*** Dataset records

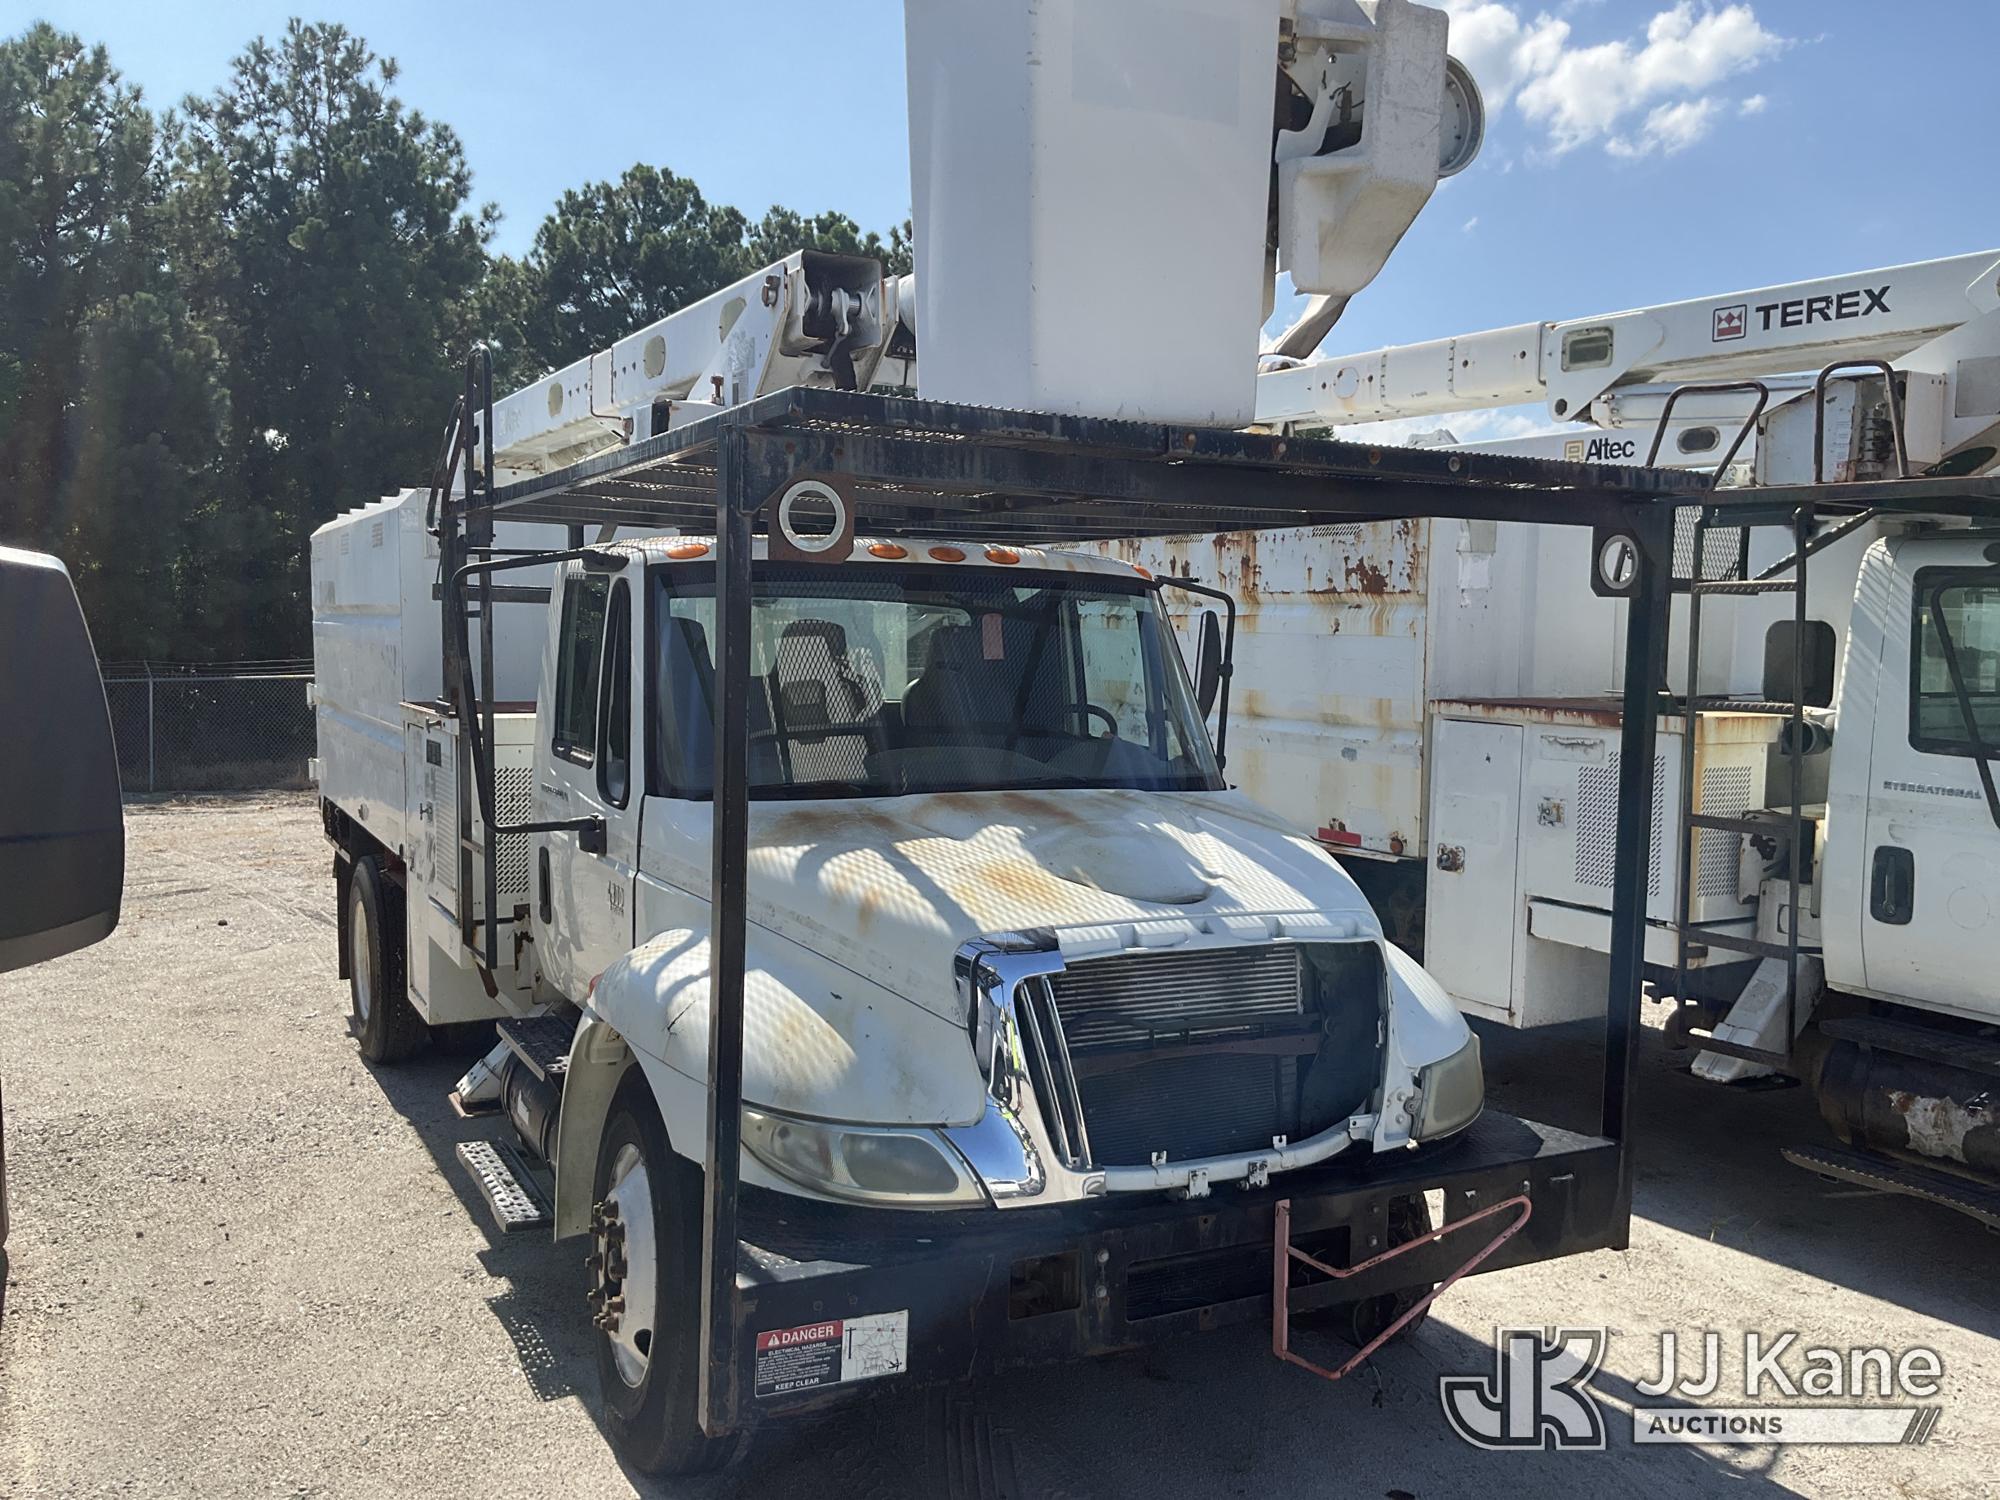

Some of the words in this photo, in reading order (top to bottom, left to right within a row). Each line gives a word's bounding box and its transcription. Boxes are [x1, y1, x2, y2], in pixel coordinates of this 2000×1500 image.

[1755, 285, 1891, 331] TEREX
[1585, 437, 1635, 462] Altec
[782, 1325, 834, 1344] DANGER
[801, 1341, 827, 1351] HAZARDS
[775, 1381, 794, 1391] KEEP
[796, 1377, 819, 1388] CLEAR
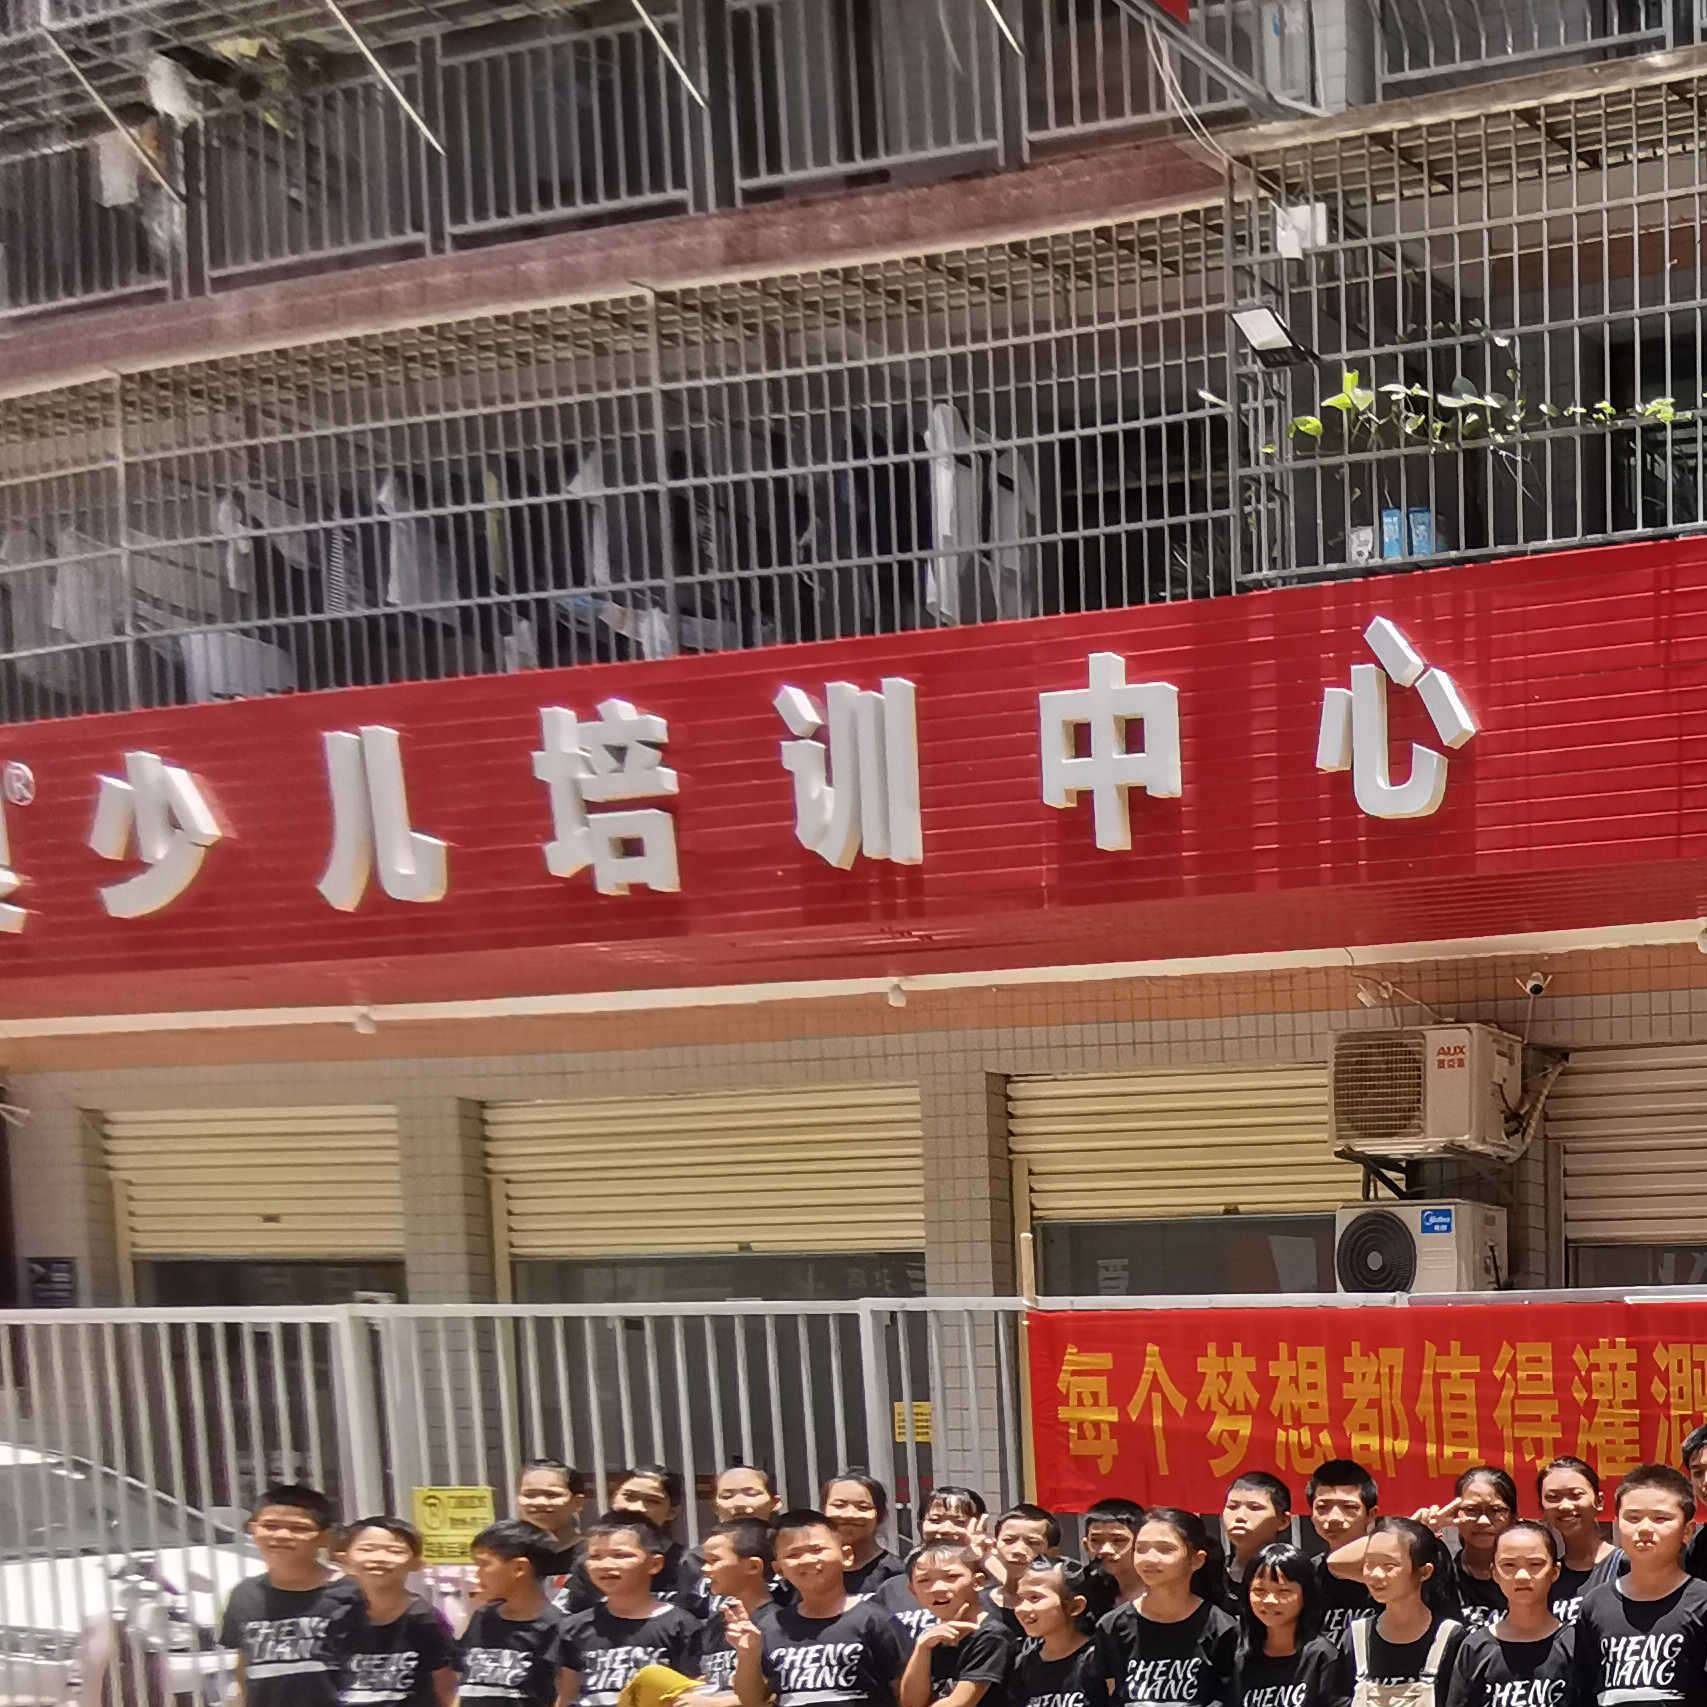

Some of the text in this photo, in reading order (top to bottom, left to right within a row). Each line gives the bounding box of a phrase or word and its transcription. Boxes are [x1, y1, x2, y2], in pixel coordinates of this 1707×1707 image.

[88, 615, 1480, 918] 少儿培训中心
[769, 1642, 863, 1669] CHENG
[1604, 1657, 1675, 1689] LIANG

******

Instructions for the task
Transcribe every line of the data exactly. No pictures go in the copy.

Result of this exercise
Some of the words in this photo, in reading order (top to bottom, left to right within a row). Each line gives a word's bounding box and its transcription. Boxes are [x1, y1, x2, y2], in pixel coordinates of this 2000×1500 image.

[1755, 285, 1891, 331] TEREX
[1585, 437, 1635, 462] Altec
[782, 1325, 834, 1344] DANGER
[801, 1341, 827, 1351] HAZARDS
[775, 1381, 794, 1391] KEEP
[796, 1377, 819, 1388] CLEAR

Some of the text in this photo, in reading order (top to bottom, left to right within a row). Each line gives the bounding box of a phrase or word and its transcription. Boxes are [x1, y1, x2, y2], in pixel coordinates of this 1707×1707 image.

[88, 615, 1480, 918] 少儿培训中心
[769, 1642, 863, 1669] CHENG
[1604, 1657, 1675, 1689] LIANG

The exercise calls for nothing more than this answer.